Gli uccelli migratori in effetti stanno modificando i loro comportamenti in reazione ai cambiamenti climatici arrivando nei luoghi deputati alla riproduzione in anticipo. Lo rivela uno studio condotto dall’Università di Edinburgo, che ha passato al setaccio centinaia di specie dei 5 continenti. Il risultato è che, in media, questi uccelli raggiungono i loro habitat estivi un giorno prima del normale per ogni grado in più della temperatura media superficiale.
Può sembrare un’inezia, un particolare di poco conto. E invece anche una variazione così piccola può avere ripercussioni importanti sulla vita e la capacità riproduttiva di centinaia di specie di volatili. Se gli uccelli migratori arrivano a destinazione nel momento sbagliato, anche soltanto di pochi giorni – spiegano i ricercatori di Edinburgo – possono essere svantaggiati nella ricerca di cibo e di un sito di nidificazione. Di conseguenza, viene influenzato anche il momento della schiusa delle uova e le possibilità di sopravvivenza dei pulli.

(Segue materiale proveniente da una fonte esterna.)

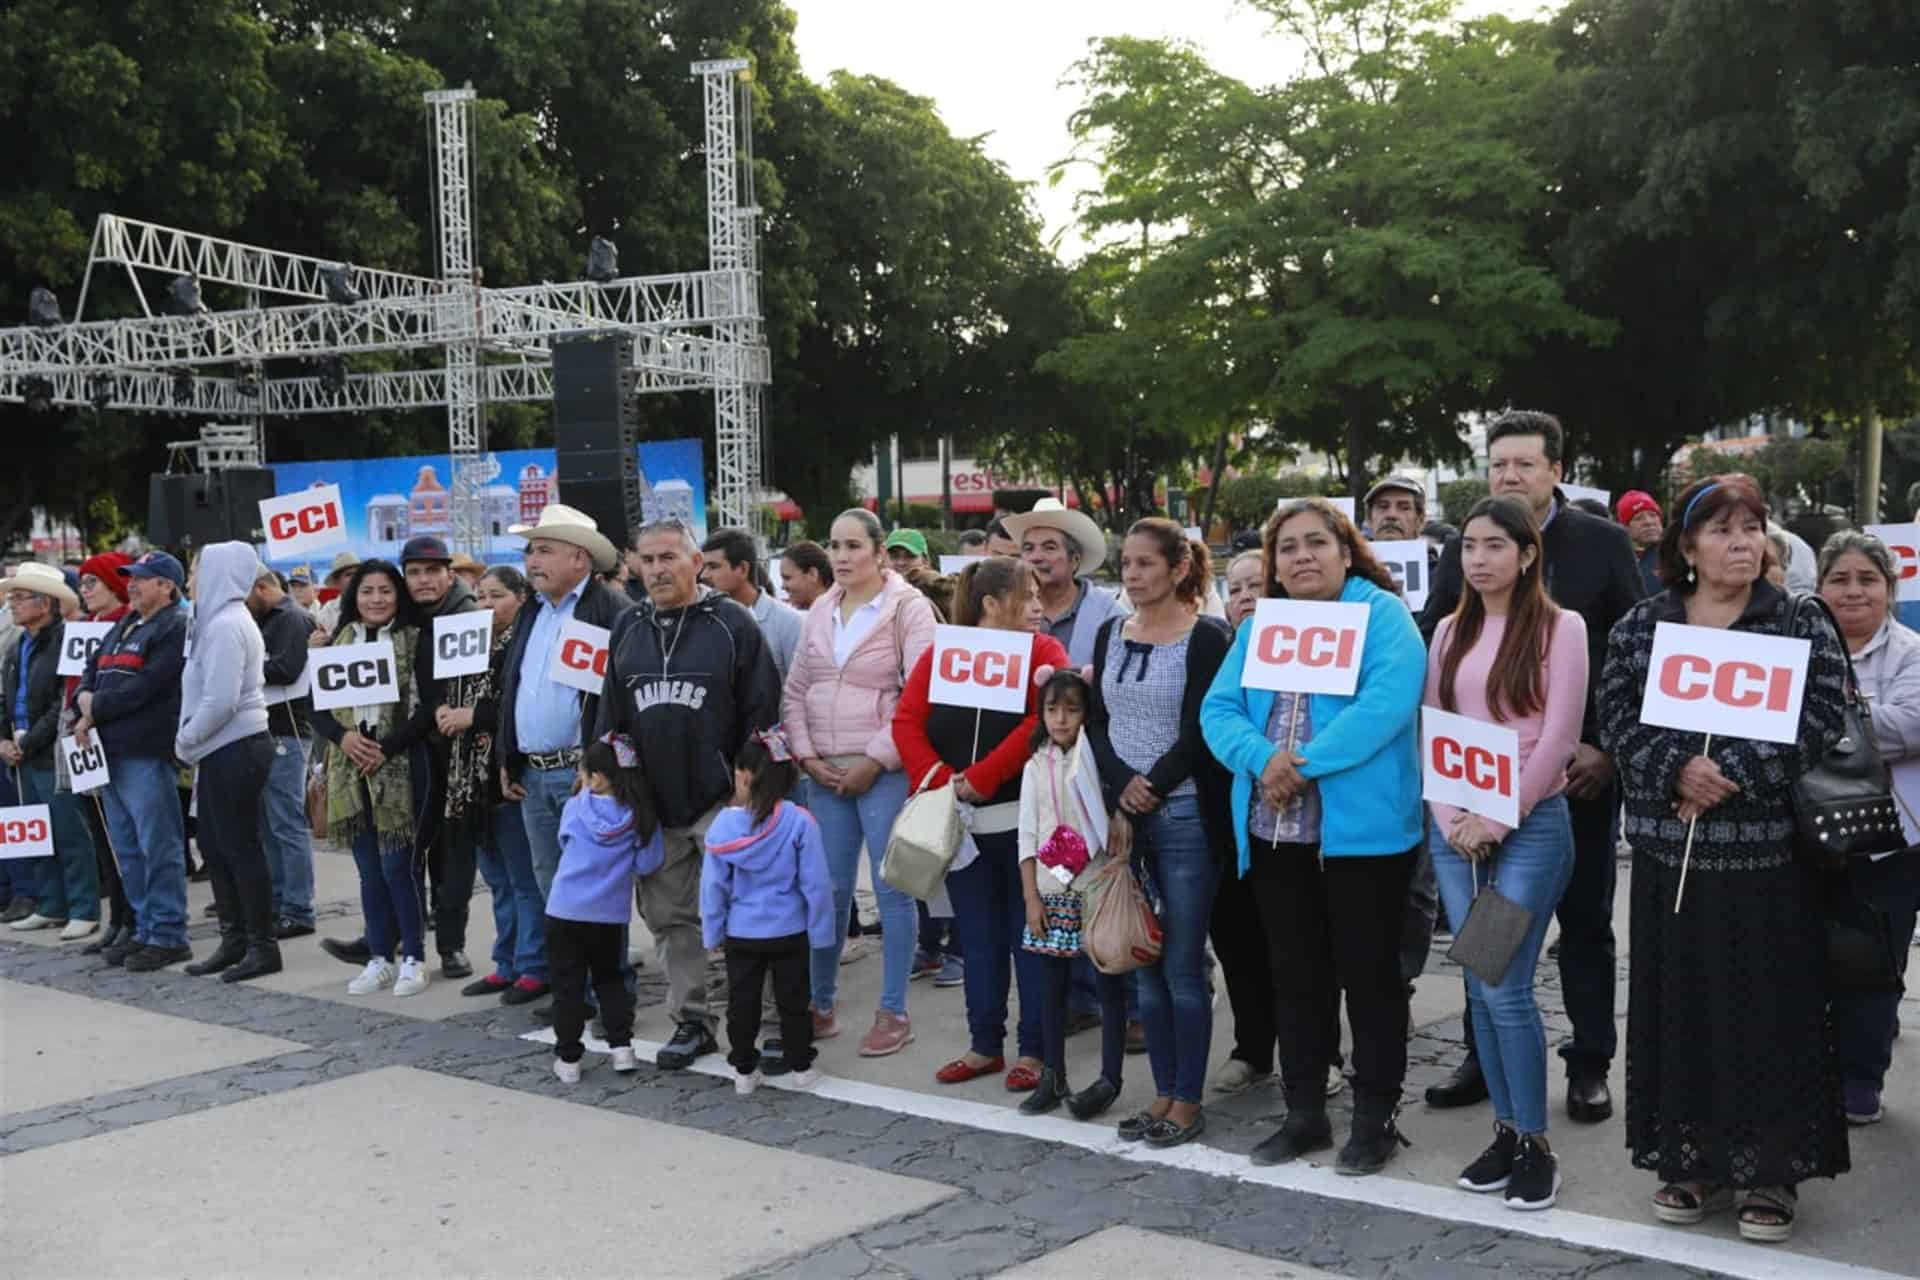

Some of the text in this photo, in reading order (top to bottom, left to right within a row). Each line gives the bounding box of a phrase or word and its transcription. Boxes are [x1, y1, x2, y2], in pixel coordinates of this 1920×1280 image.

Tra tutte quelle osservate, sono le specie che migrano lungo le distanze maggiori che rischiano di patire di più dagli effetti dei cambiamenti climatici. Gli scienziati dell’università scozzese hanno osservato che questi animali tendono ad avere una risposta meno pronta degli altri, ovvero modificano i loro comportamenti con lentezza all’aumentare della temperatura. Per questo motivo tendono ad arrivare più in ritardo rispetto ad altri volatili e quindi ad avere meno risorse a disposizione delle altre specie. Tra questi animali a rischio figurano anche la comunissima rondine e la balia nera.
I ricercatori di Edinburgo hanno esaminato qualsiasi traccia e nota relativa alle migrazioni degli uccelli che sono riusciti a trovare, risalendo indietro nel tempo anche di 300 anni: si sono basati sugli appunti di altri scienziati, ma anche osservatori amatoriali, incluse le osservazioni del celebre naturalista americano Henry David Thoreau. Gli sforzi della ricerca, pubblicata sul Journal of Animal Ecology, sono tutti diretti al futuro: “Queste indicazioni ci potrebbero aiutare a prevedere quanto gli uccelli migratori si riescono ad adattare ai cambiamenti climatici”, spiega il ricercatore Takuji Usui. Fonte
Ma non è finita qui.
Negli ultimi 40 anni, gli uccelli migratori nordamericani sono diventati più piccoli e le loro ali sono diventate un po’ più lunghe ed entrambi questi cambiamenti sembrano rispondere al riscaldamento globale. Si tratta dei primi risultati dello studio “Shared morphological consequences of global warming in North American migratory birds”, pubblicato su Ecology letters da un team di ricercatori dell’università del Michigan e della Gantz Family Collection Center – The Field Museum, che ha analizzato un dataset di 70.716 uccelli migratori nordamericani appartenenti a 52 specie, trovati morti a Chicago a causa di collisioni con gli edifici durante le migrazioni primaverili e autunnali. Per ciascuna specie sono state eseguite più misurazioni su ogni esemplare.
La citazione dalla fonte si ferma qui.